Hombrecitos

Capítulo 1

LA LLEGADA DE NAT BLAKE

Los árboles del parque de Plumfield estaban cargados de flores. El pasto se veía más brillante debido a la suave lluvia primaveral. Un fuerte olor a tierra mojada y el aroma a flores daban la bienvenida al modesto muchacho que caminaba por el arenoso sendero. Toda esa belleza parecía augurarle una vida más dichosa.

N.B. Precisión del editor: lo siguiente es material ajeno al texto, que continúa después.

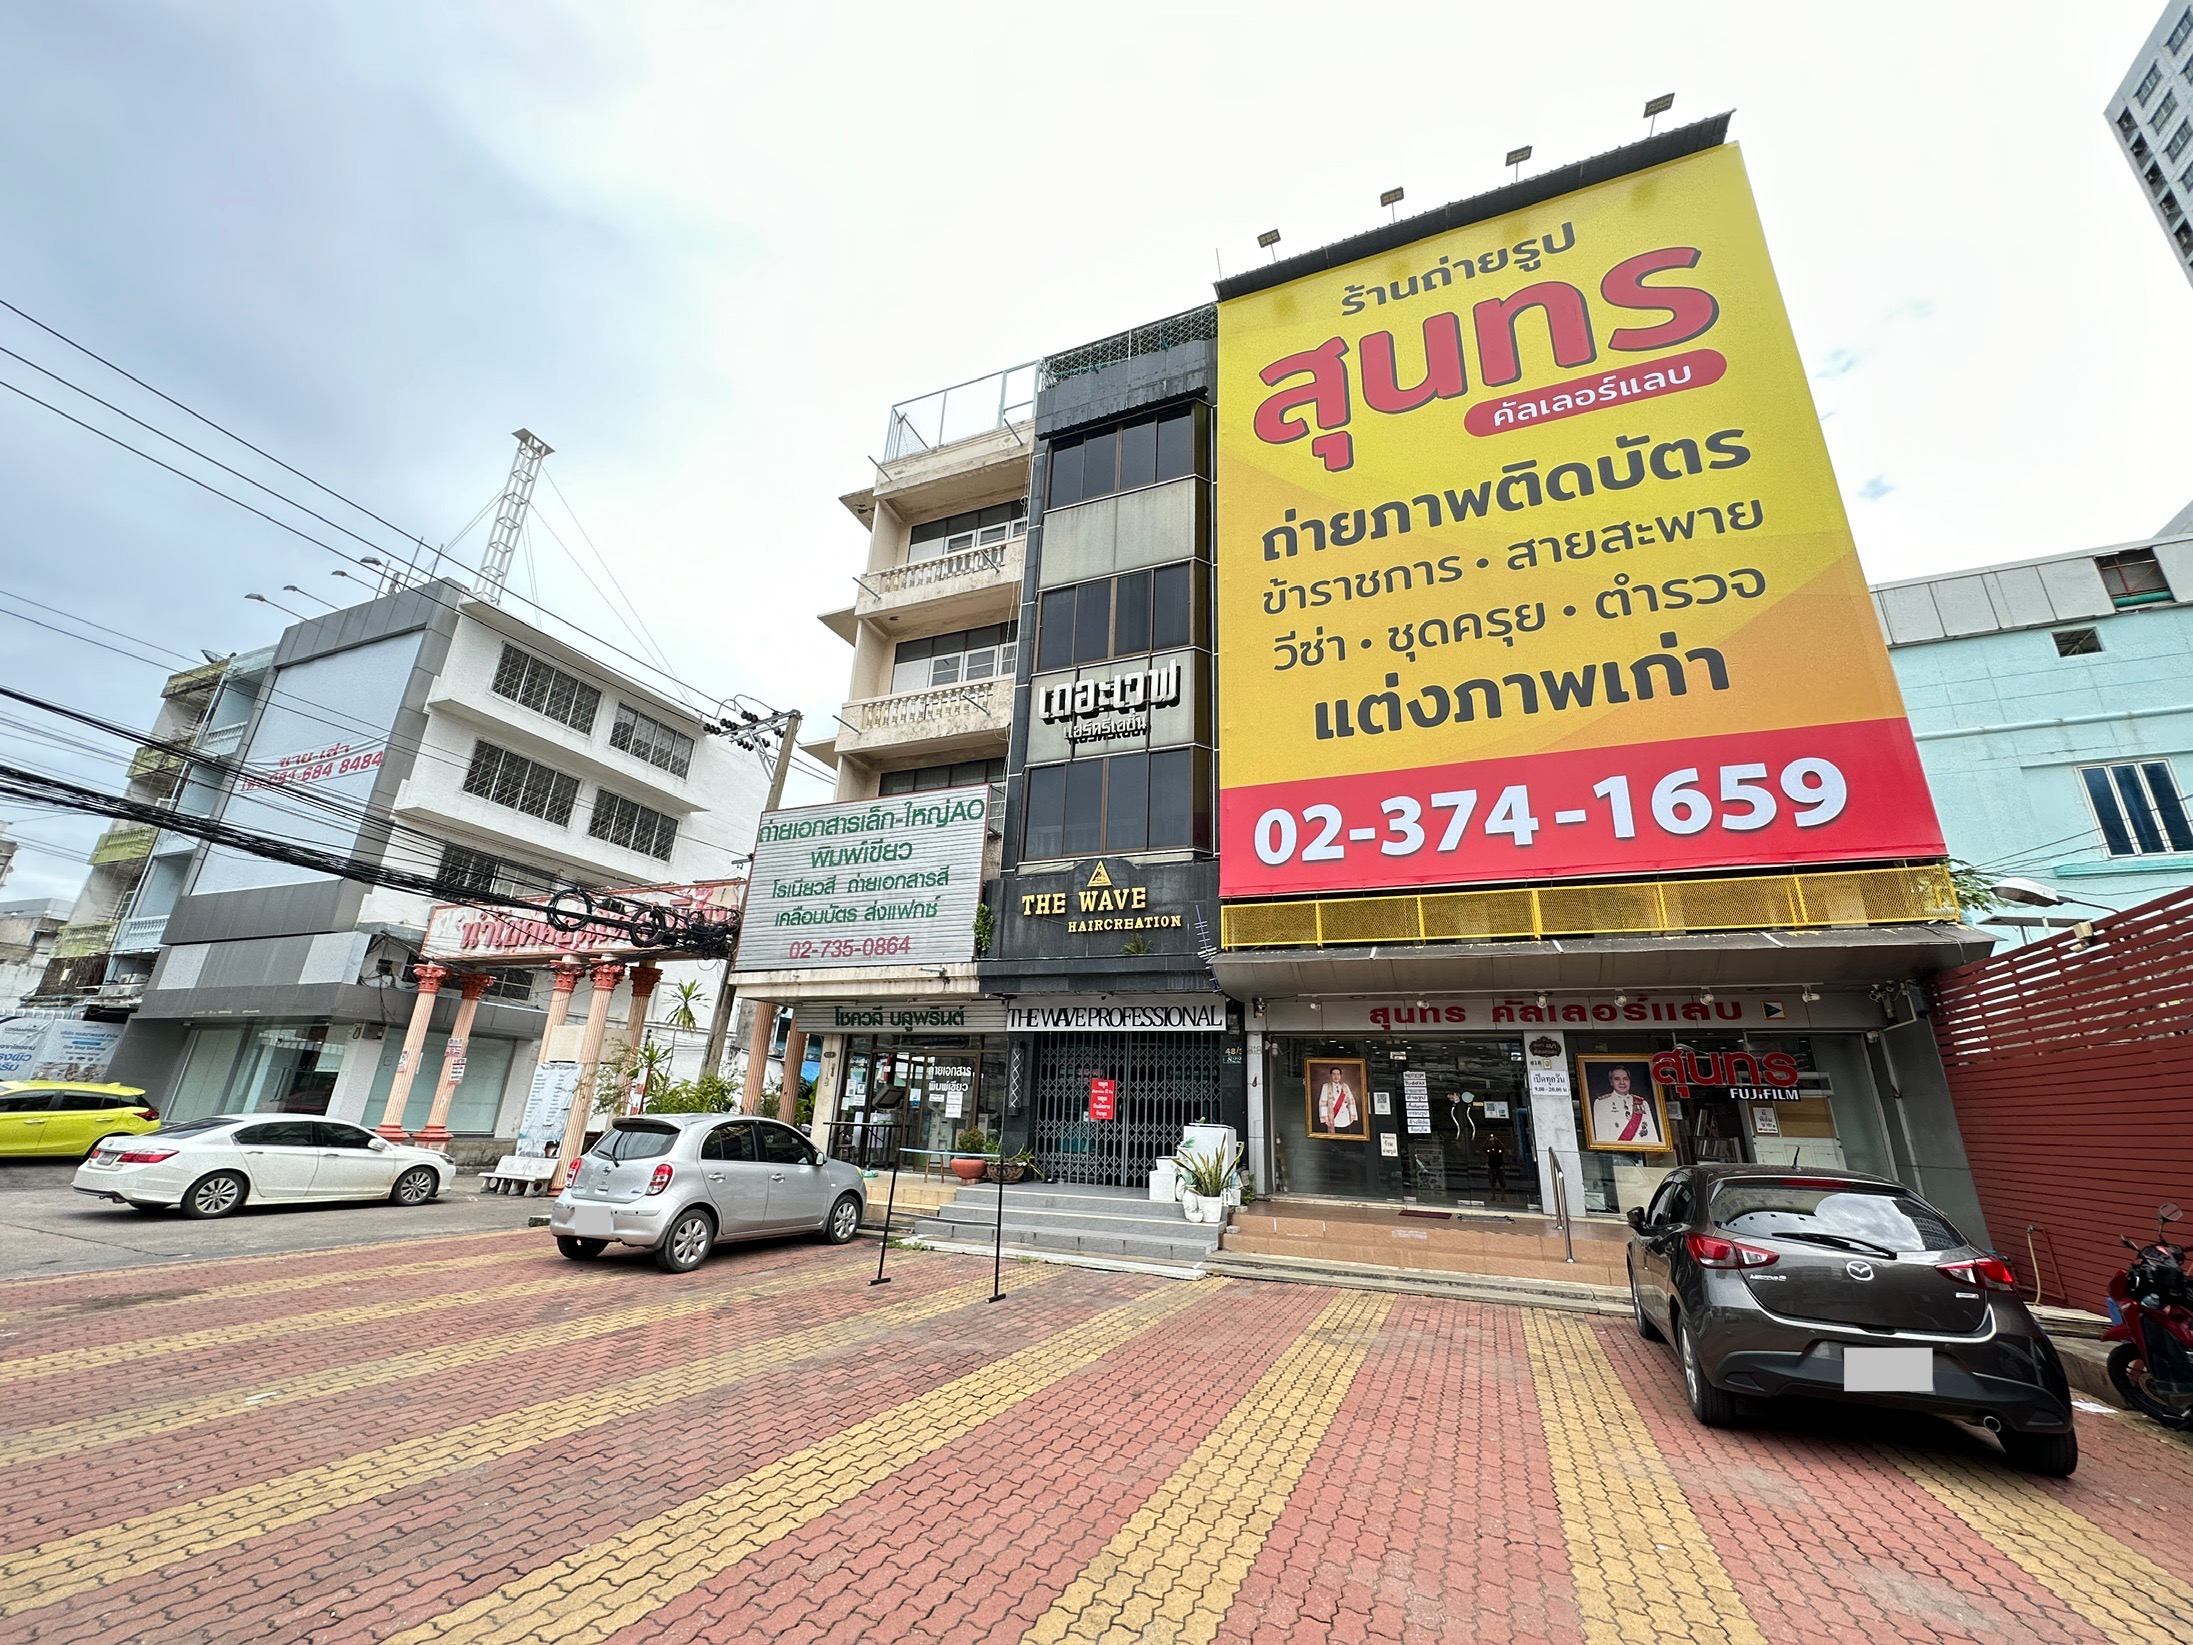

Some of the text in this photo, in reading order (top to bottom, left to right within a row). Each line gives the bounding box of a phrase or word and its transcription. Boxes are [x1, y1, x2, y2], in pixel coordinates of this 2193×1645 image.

[1341, 222, 1576, 316] ร้านถ่ายรูป
[1253, 247, 1720, 473] สุนทร
[1494, 364, 1692, 427] คัลเลอร์แลบ
[1262, 428, 1752, 561] ถ่ายภาพติดบัตร
[1262, 499, 1765, 615] ข้าราชการ สายสะพาย
[1273, 567, 1767, 671] วีซ่า ชุดครุย ตำรวจ
[1314, 632, 1730, 741] แต่งภาพเก่า
[338, 751, 384, 774] 8484
[1254, 757, 1848, 866] 02-374-1659
[811, 838, 913, 868] พิมพ์เขียว
[772, 865, 950, 899] โรเนียวสี ถ่ายเอกสารสี
[774, 896, 941, 927] เคลือบบัตร ส่งแฟกซ์
[1022, 887, 1147, 916] THE WAVE
[1068, 915, 1182, 933] HAIRCREATION
[789, 936, 911, 959] 02-735-0864
[1007, 1005, 1223, 1028] THE WAVE PROFESSIONAL
[1369, 996, 1743, 1030] สุนทร คัลเลอร์แลบ
[928, 1063, 972, 1077] ถ่ายเอกสาร
[928, 1080, 969, 1092] พิมพ์เขียว
[1533, 1073, 1565, 1086] เปิดทุกวัน
[1651, 1048, 1799, 1099] สุนทร
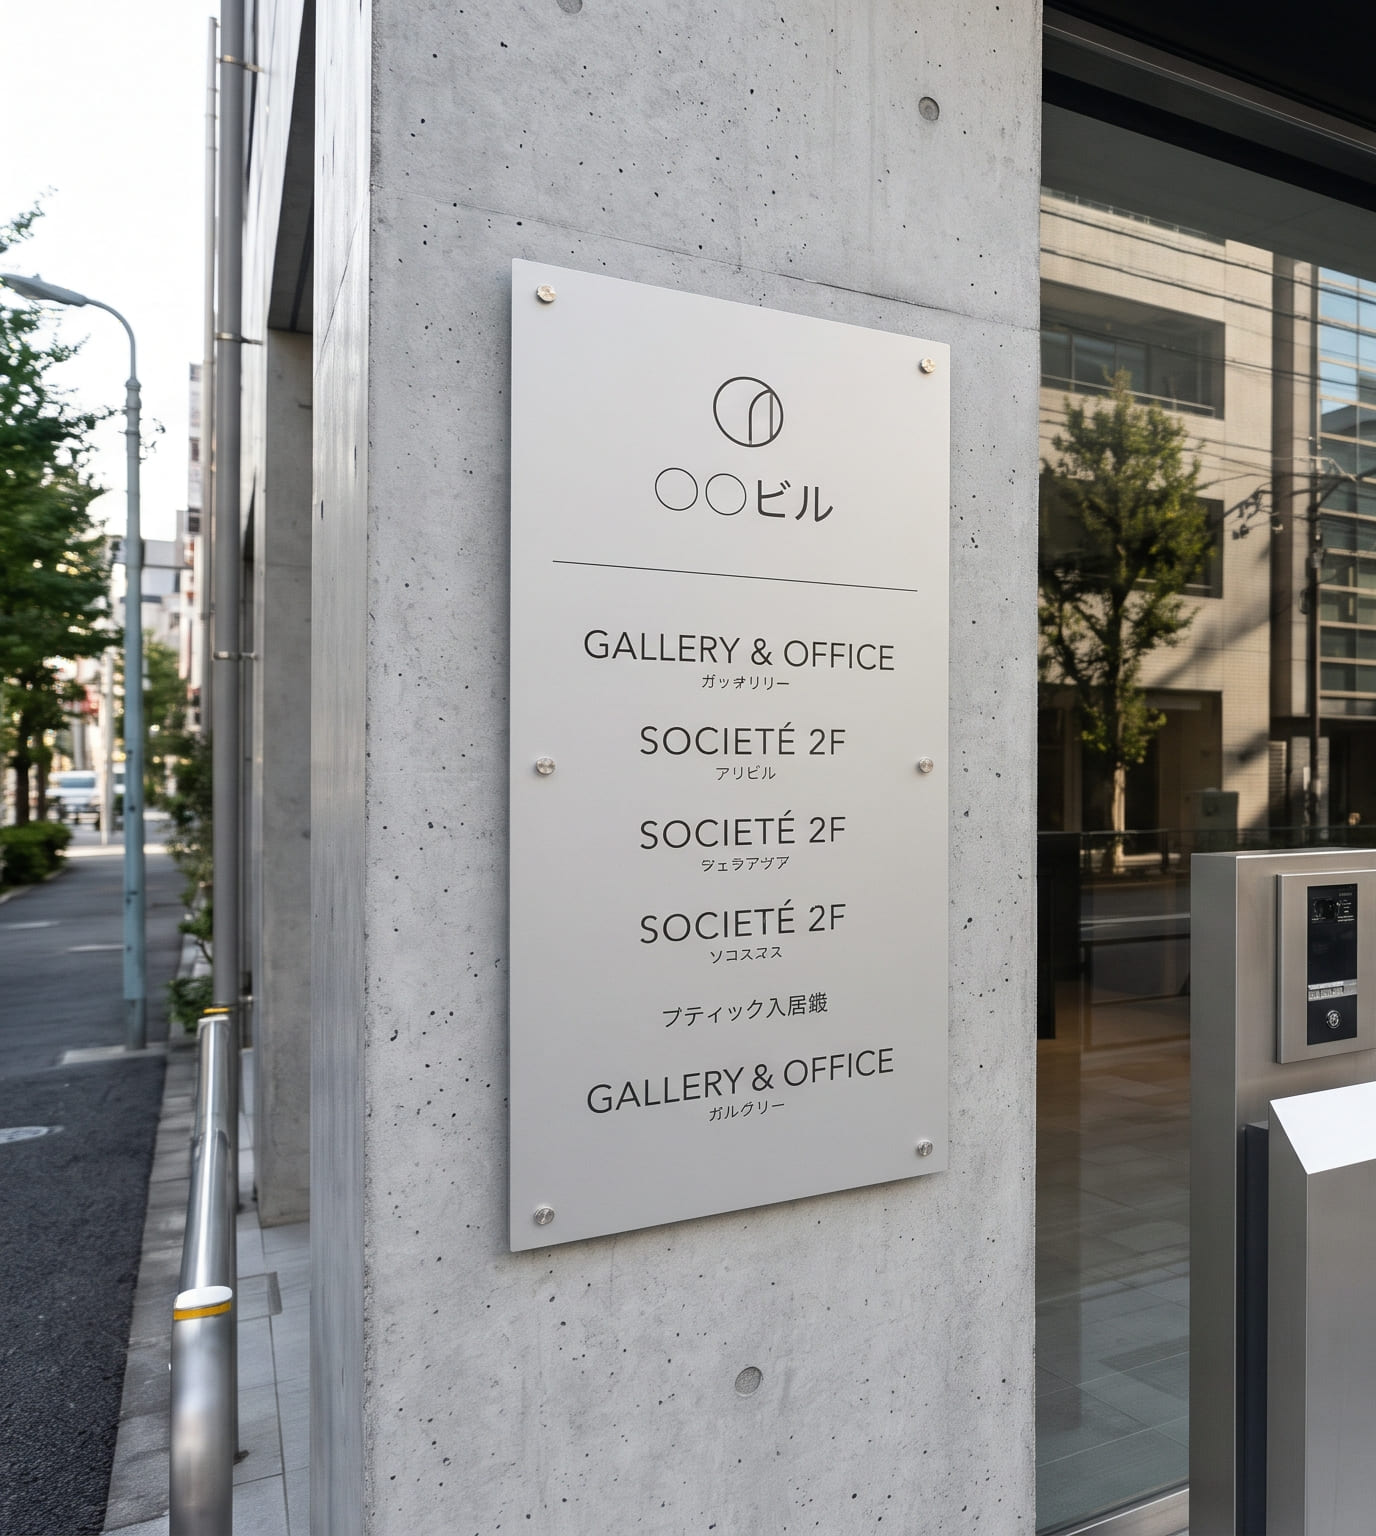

A través de una de las ventanas, el andrajoso jovencito se detuvo a mirar el iluminado y alegre interior de la casa. En él se adivinaban pequeñas y ligeras siluetas y todo daba la sensación de ser un ambiente tibio y acogedor. Permaneció allí durante unos minutos.

Nat —así se llamaba el jovencito— creía soñar. Sólo un cuento de hadas podía transportar a un pobre muchacho huérfano como él a un lugar tan hermoso.

Sacando fuerzas de flaqueza, dio un fuerte golpe a la puerta. Una muchacha, al parecer del servicio doméstico, lo hizo pasar, y, tomando la carta que Nat le entregó, le pidió que tomara asiento. Luego se alejó con la carta que el señor Laurence enviaba a la señora Bhaer por su intermediario.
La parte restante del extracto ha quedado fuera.